WeeklyWorker

09.10.2025
Greta Thunberg addresses a solidarity rally from the flotilla

Millions strike for Gaza

For nearly two years the solidarity movement was fringe, small scale and politically ineffective. Not any longer. Tobias Abse reports on the mass strikes and demonstrations triggered by the Israeli attacks on the Global Sumud Flotilla. Israel is undoubtedly losing the propaganda war

Over the last fortnight there has been the greatest labour movement mobilisation in Italy of the last 20 years. This has been triggered, not by the marked decline in real wages, or any domestic issue, such as the rundown of Italy’s health service, or the sharp cuts in welfare benefits that were introduced soon after Georgia Meloni took office. No, it is the war in Gaza.

Popular reaction to what has been rightly perceived as a genocide against the Palestinians, rather than a war against Hamas, has been slower in Italy than in the UK. For a long time, the weekly demonstrations in Milan and the fortnightly ones in Rome were very small-scale affairs, largely confined to the Palestinian diaspora and small groups on the far left with a long history of support for the Palestinian cause.

Insofar as anyone else took any action, it tended to be met with massive state repression, especially against university students. Occasionally the police went so far - for instance in kettling and beating up a group of a few dozen secondary school students in Pisa in February 2024 - that wider layers took exception. However, the thousands of ordinary Pisans who took to the streets to protest against that particular local outrage did not trigger any more widespread or long-term movement.
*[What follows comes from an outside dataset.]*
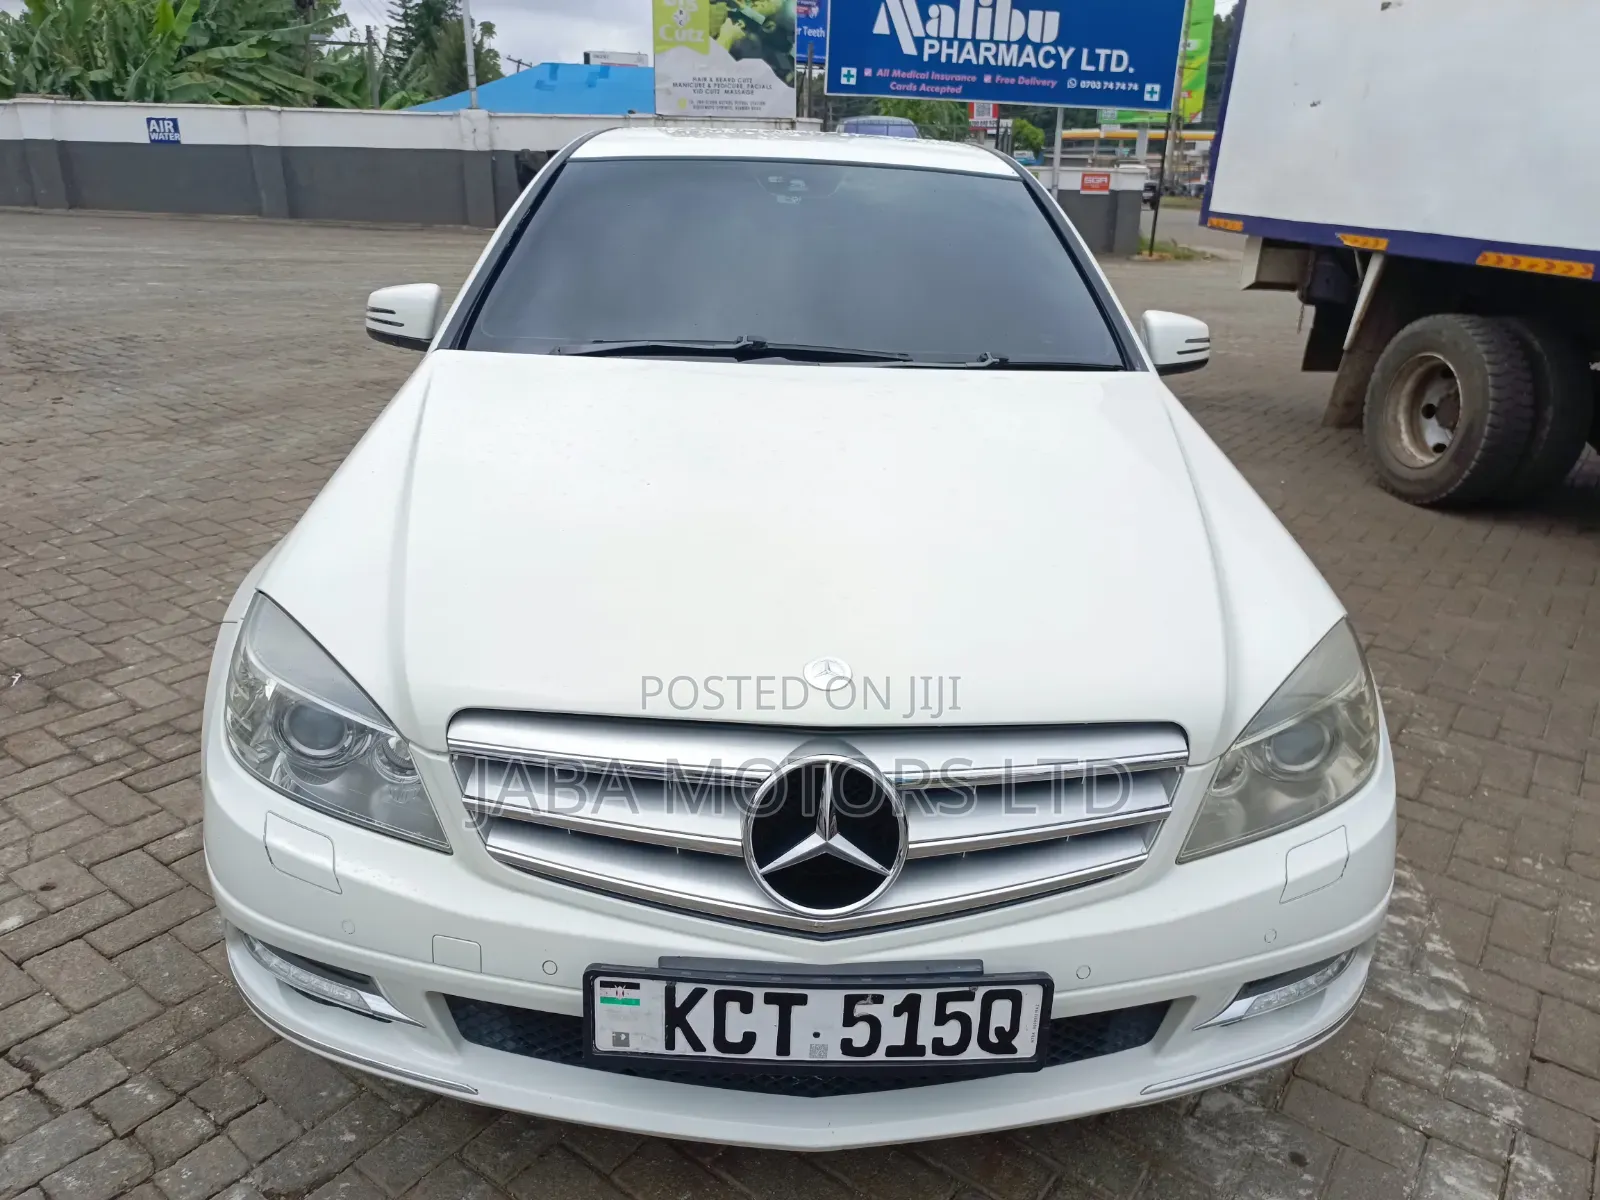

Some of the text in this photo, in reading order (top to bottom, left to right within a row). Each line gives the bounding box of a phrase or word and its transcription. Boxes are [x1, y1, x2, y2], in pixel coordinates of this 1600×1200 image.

It was not until June 7 2025 that anything that could be described as a major national demonstration over Gaza took place in Rome as a result of the parties of the parliamentary left or centre-left - the Partito Democratico (PD), Movimento Cinque Stelle (M5S) and the Alleanza Verdi Sinistra (AVS) - finally clearly coming out against the Israeli genocide. Moreover, while the June 7 march, organised by the PD, M5S and AVS, was large by Italian standards (around 50,000), it was still a lot smaller than UK demonstrations during the same period.

Naval blockade

What seems to have been the spark for recent events was the Global Sumud Flotilla. Although people from about 40 countries were involved - it aimed, of course, to break the Israeli naval blockade of Gaza - the Italian contingent was substantial, and in terms of publicity inside Italy, the involvement of four Italian parliamentarians - two from the PD, one from M5S and a Green MEP belonging to AVS - made it impossible for the mainstream media, and even the hostile Meloni government, to ignore it.

The idea of a general strike in solidarity with the flotilla and the people of Gaza was first mooted by the Unione Sindacale di Base (USB), and was more or less immediately backed up by other similar minor trade union confederations. These groups, which I would characterise as anarcho-syndicalists (even if some of their older leaders came from the autonomist tradition associated with Toni Negri), had been in the habit of calling general strikes over a variety of issues: eg, on International Women’s Day. While they sometimes manage to involve key groups of workers, such as tube drivers in Rome and Milan, such ‘general strikes’ are usually damp squibs.

Therefore, when I first saw references to the USB’s planned general strike over Gaza, I thought it was a laudable but utterly impractical plan. One of the factors that meant that, on this occasion, the anarcho-syndicalist dream became a practical reality (for one day at least) was the involvement of dockers in ports like Genoa and Livorno in plans to refuse to handle the cargo of ships carrying arms to Israel. The idea of a general strike also met with some response amongst engineering workers, including those belonging to the FIOM, the engineering workers’ union attached to the Confederazione Generale Italiana del Lavoro (CGIL), the most leftwing of the three major trade union confederations.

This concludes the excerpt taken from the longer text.